In vivo volumetric imaging of human retinal circulation with phase-variance optical coherence tomography

Abstract

We present in vivo volumetric images of human retinal micro-circulation using Fourier-domain optical coherence tomography (Fd-OCT) with the phase-variance based motion contrast method. Currently fundus fluorescein angiography (FA) is the standard technique in clinical settings for visualizing blood circulation of the retina. High contrast imaging of retinal vasculature is achieved by injection of a fluorescein dye into the systemic circulation. We previously reported phase-variance optical coherence tomography (pvOCT) as an alternative and non-invasive technique to image human retinal capillaries.
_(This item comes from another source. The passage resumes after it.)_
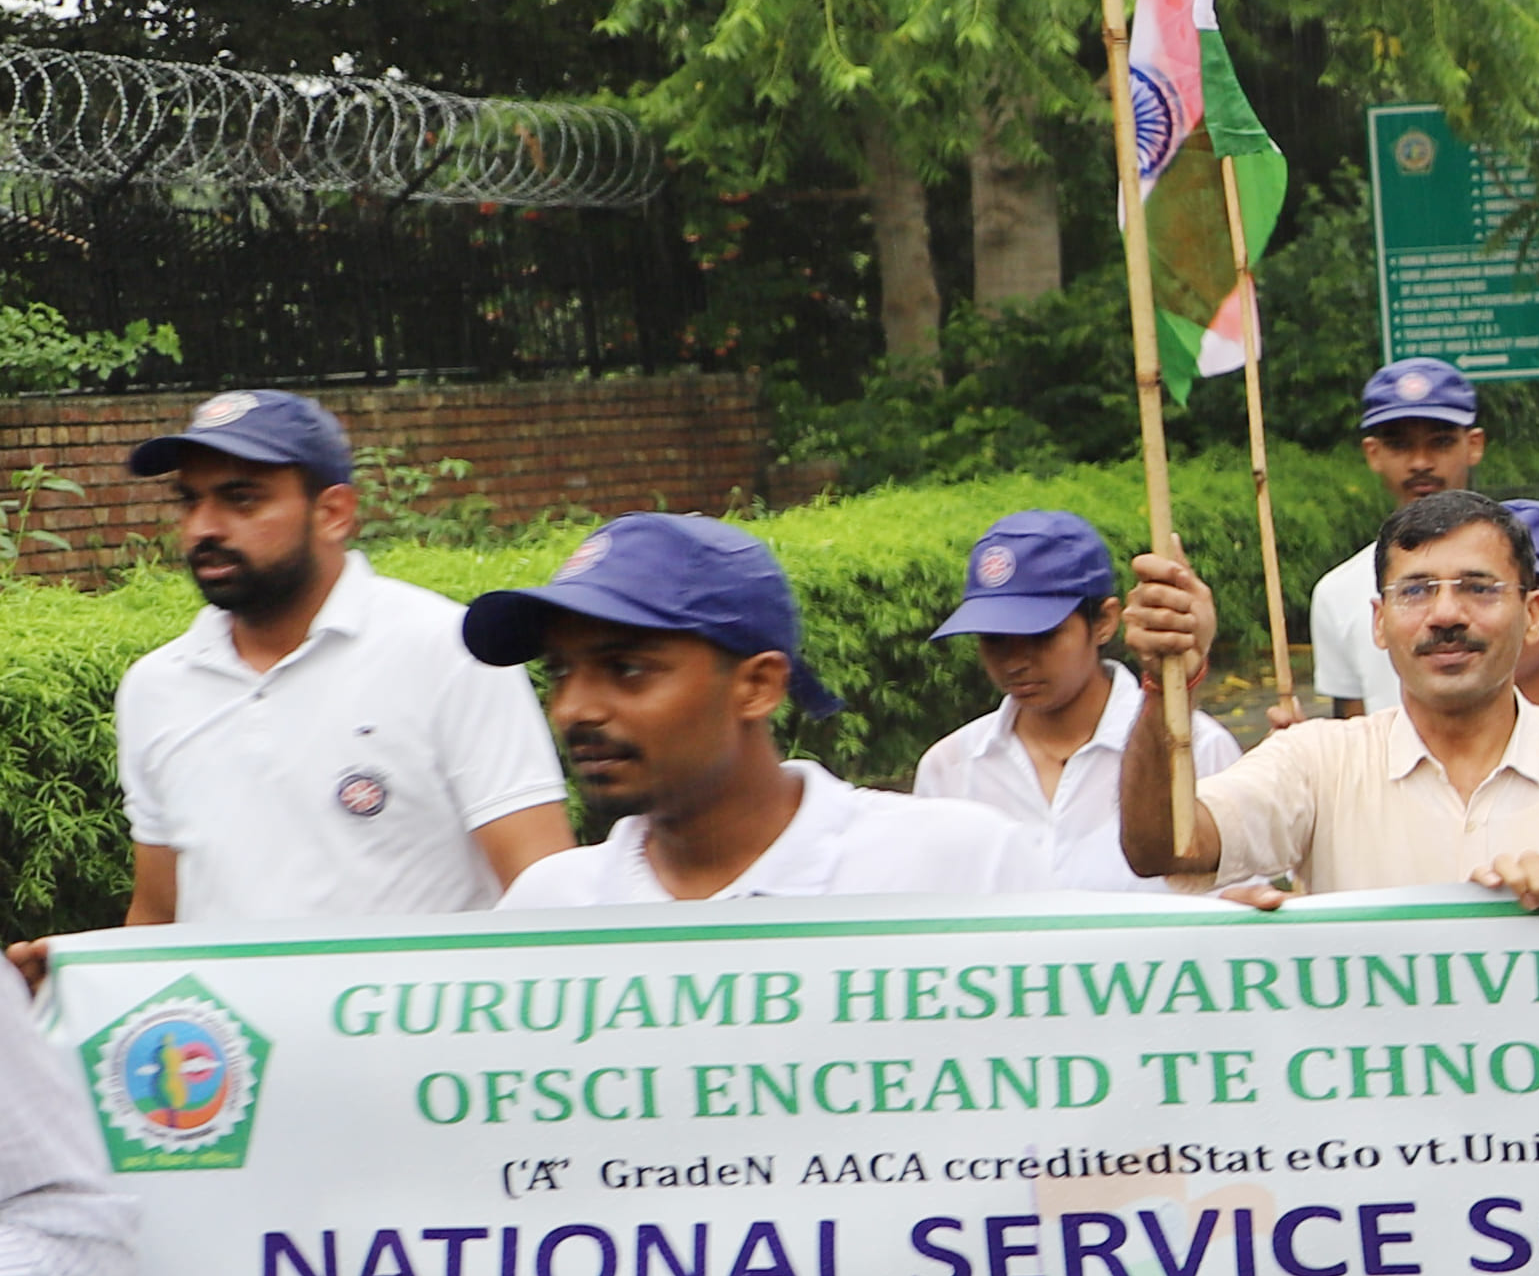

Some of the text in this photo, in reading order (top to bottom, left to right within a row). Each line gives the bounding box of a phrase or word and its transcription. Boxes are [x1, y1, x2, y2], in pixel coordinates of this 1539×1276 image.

In contrast to FA, pvOCT allows not only noninvasive visualization of a two-dimensional retinal perfusion map but also volumetric morphology of retinal microvasculature with high sensitivity. In this paper we report high-speed acquisition at 125 kHz A-scans with pvOCT to reduce motion artifacts and increase the scanning area when compared with previous reports. Two scanning schemes with different sampling densities and scanning areas are evaluated to find optimal parameters for high acquisition speed in vivo imaging. In order to evaluate this technique, we compare pvOCT capillary imaging at 3x3 mm^2 and 1.5x1.5 mm^2 with fundus FA for a normal human subject. Additionally, a volumetric view of retinal capillaries and a stitched image acquired with ten 3x3 mm^2 pvOCT sub-volumes are presented. Visualization of retinal vasculature with pvOCT has potential for diagnosis of retinal vascular diseases.

Additional Information

© 2011 Optical Society of America. Received 14 Mar 2011; revised 9 May 2011; accepted 27 Apr 2011; published 11 May 2011. The authors thank Suman Pilli, Susan Garcia from the Vision Science and Advanced Retinal Imaging Laboratory, Department of Ophthalmology & Vision Science at the UC Davis Medical Center for help with OCT data acquisition. This research was supported by the Howard Hughes Medical Institute (HHMI) Med-into-Grad Initiative (HHMI-MIG 56006769), National Eye Institute (EY 014743), Research to Prevent Blindness (RPB), Beckman Institute, and That Man May See Foundation.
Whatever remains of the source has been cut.